こんな話にたとえてみよう。あなたが大勢の人通りがある場所を歩いているときに、突然警察官に呼び止められ、大声で「おい、おまえ、覚醒剤をやっているだろう」といわれたとしよう。まわりの人々はあなたを遠巻きにしてジロジロと白い目で見ている。あなたは、びっくりしつつも「いったい何の根拠があっていっているのか」と反論を続ける。すると警察官は次第にトーンダウン。さらに反論すると「ある情報をもとにそう思い込んでしまったが、その情報自体が間違いだったかもしれない」といい始める。当然、あなたは心底頭に来て猛抗議。ところが、そんな会話を聞いていた通行人が「警察官は犯罪者を検挙するために疑うのが仕事なんだから疑われても仕方ない。疑うのがダメというのなら警察官の職務は果たせない」という。また別の通行人はこうもいう。「警察官は間違った情報であなたを疑ったかもしれないが、だからといってあなたが本当に覚醒剤をやっていないという証拠はない」と。あなたは、この意見を聞いて「確かにそうだ」と納得するだろうか。普通の神経をもつ人であれば、「冗談じゃない」とやり場のない怒りに震えるはずだ。
警察は根拠のない情報だけで、犯罪者と決めつけて逮捕するようなことは基本的にはしない。残念ながら、どこの国でも絶対にないとはいえないのが悲しいところだが、普通はあり得ない。持ち物を検査し、実際に覚醒剤が見つかったり、尿検査でクロと判定されて始めて逮捕となるのだ。警察官といえども、その時点からようやく犯罪者として扱うことが許されるのだ。

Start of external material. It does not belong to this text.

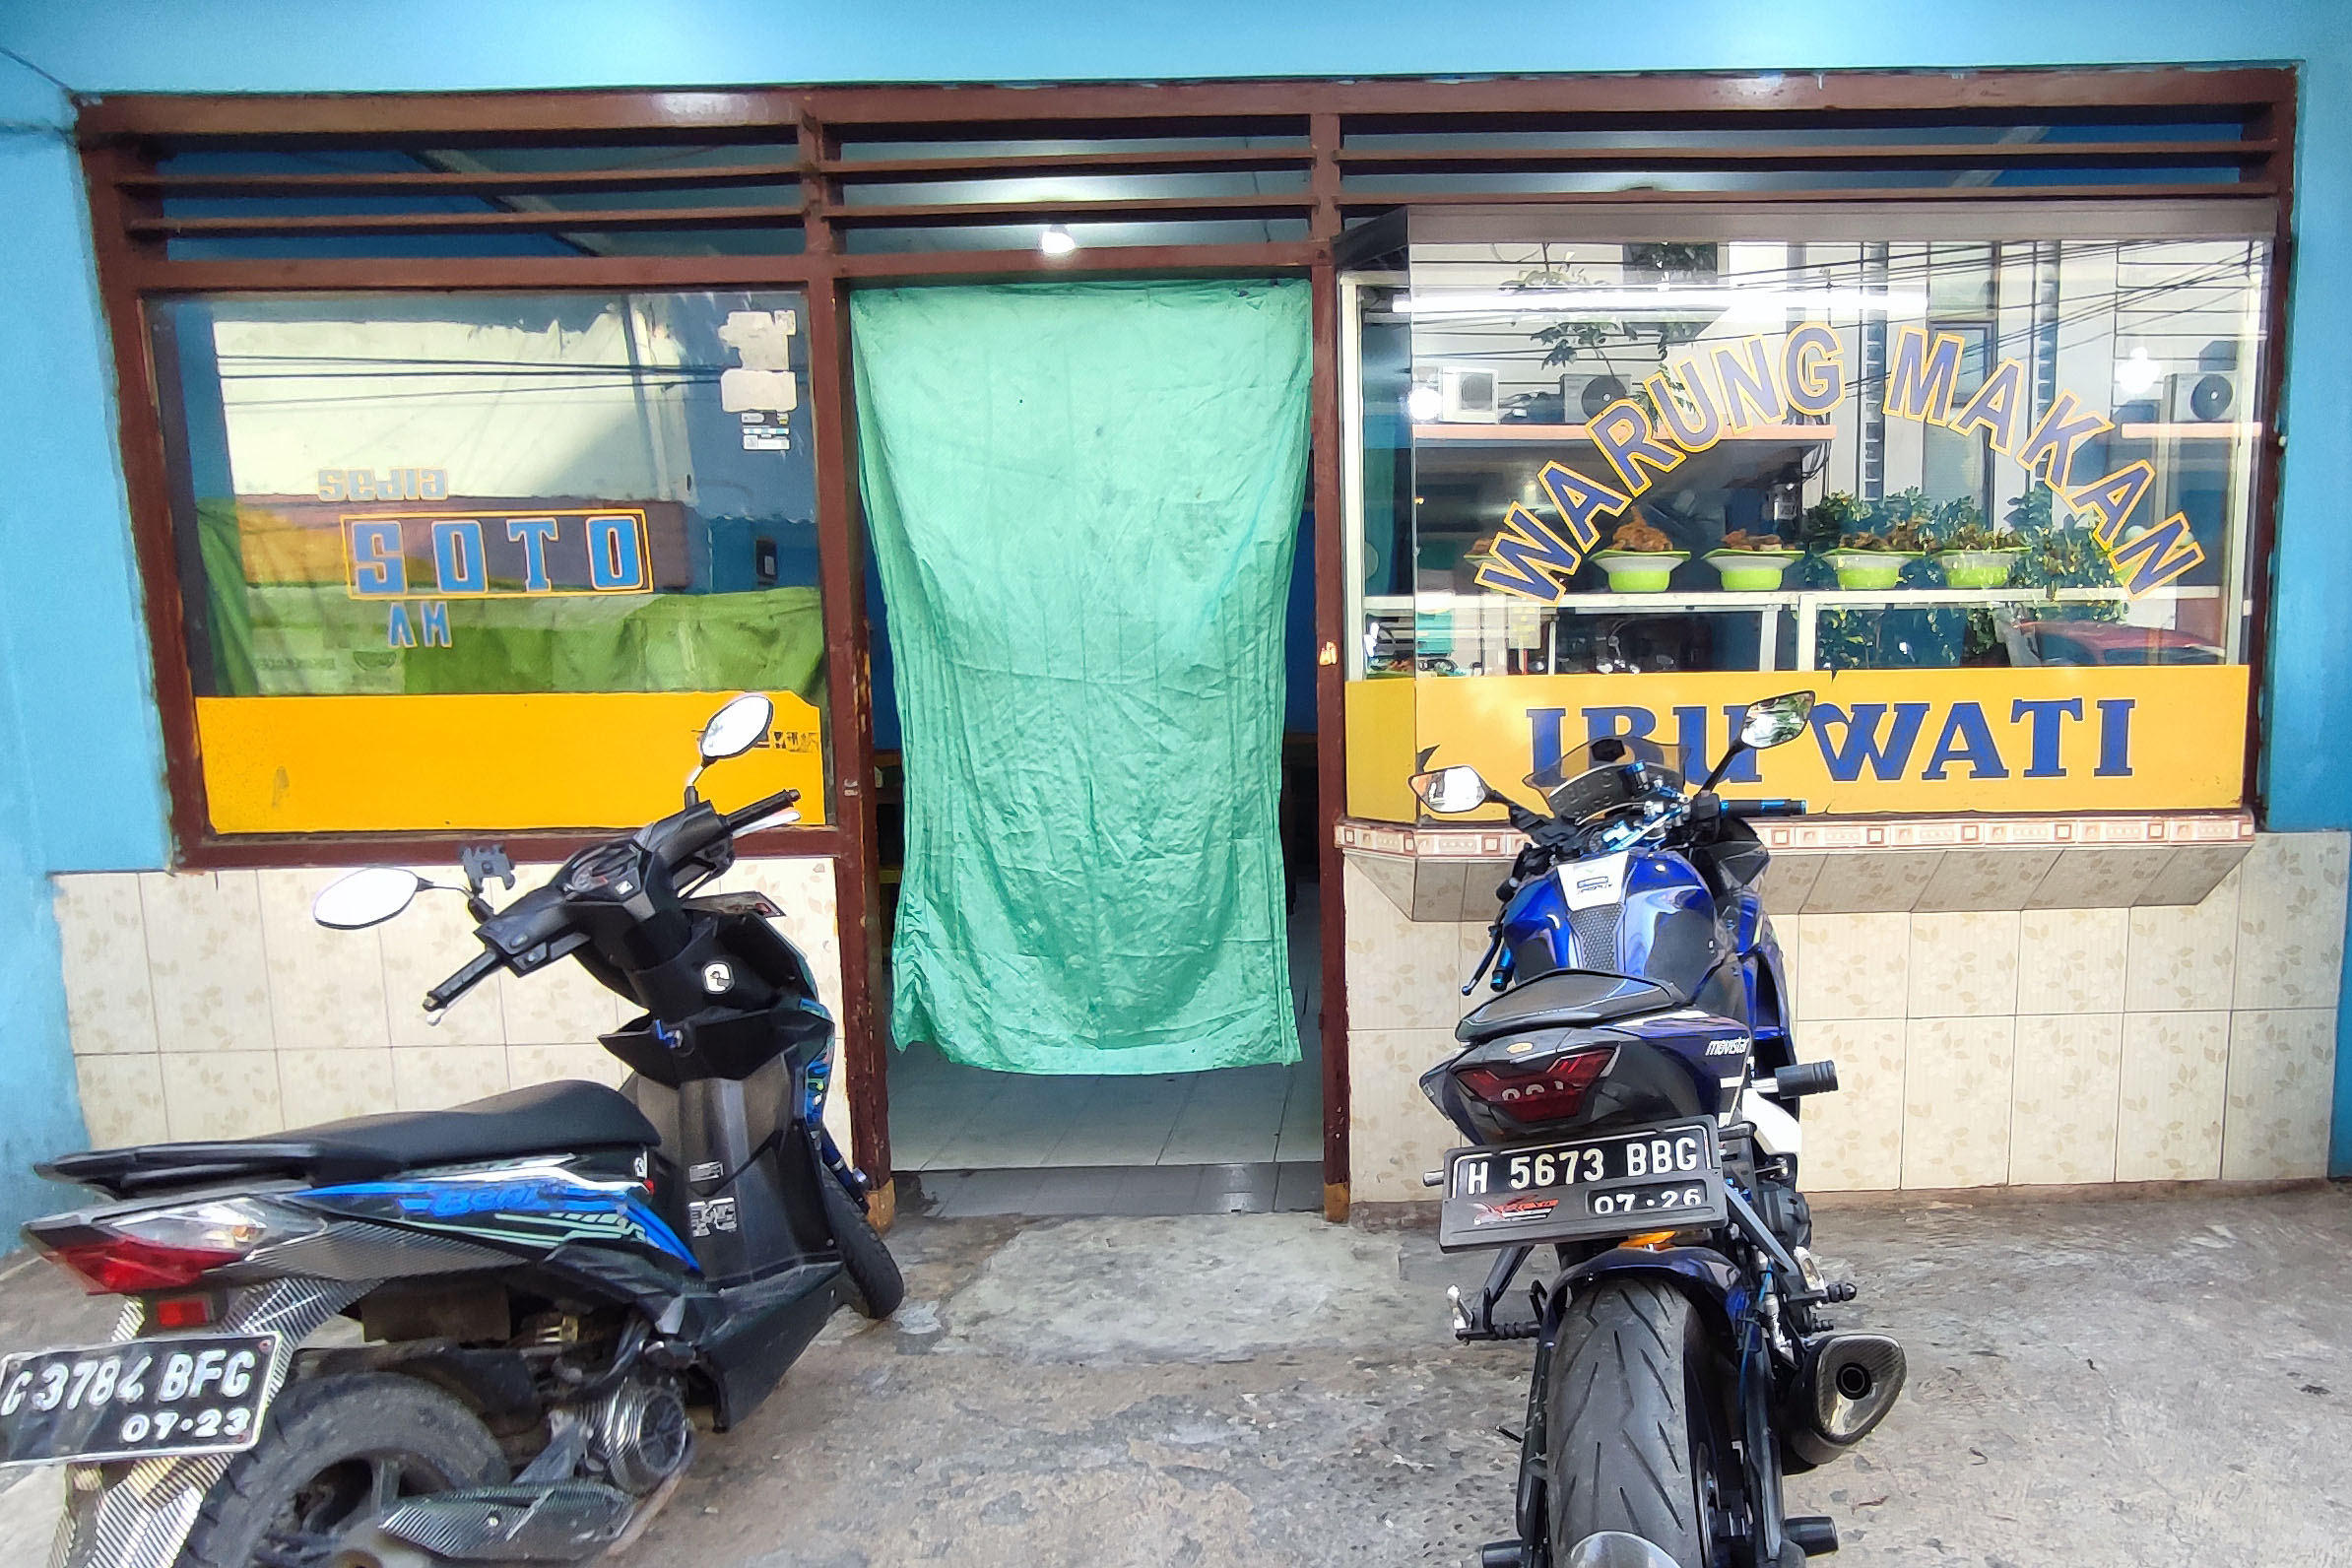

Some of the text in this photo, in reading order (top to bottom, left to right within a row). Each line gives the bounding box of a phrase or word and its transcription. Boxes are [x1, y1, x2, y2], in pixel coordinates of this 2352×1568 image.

この問題は、例のメールが起源になっているということを忘れてはいけない。つまり、そのメールがガセだったことが判明したのだから、同時に疑惑も消失してしまったのである。それでも「ライブドアからの献金疑惑が完全にシロになったわけではない」というのなら、同じように献金がなかったという証拠はないといえる、ほかの国会議員全員も疑惑の対象にしなければならなくなってしまう。疑惑の根本がウソだったことが判明した時点で武部幹事長はほかの全国会議員と同じ立場に戻ったのである。もし、まだ疑惑があるというのなら、きちんとそれなりの根拠を揃えてから口にすべきだ。
そもそも絶対に公にしたくない裏の献金を完全に証拠が残る銀行振込するバカもいないと思うけどねぇ。永田議員は元キャリア官僚でありながら、そんなことにも気づかないでガセネタを掴まされ、それでもまだ情報提供者を信用しているといっている。まったく何を考えているのかね。私は以前からはっきりモノをいう永田議員をちょっとはかっていたのだが、今回は完全な勇み足。今の立場に恋々とせずに、一から出直せといいたい。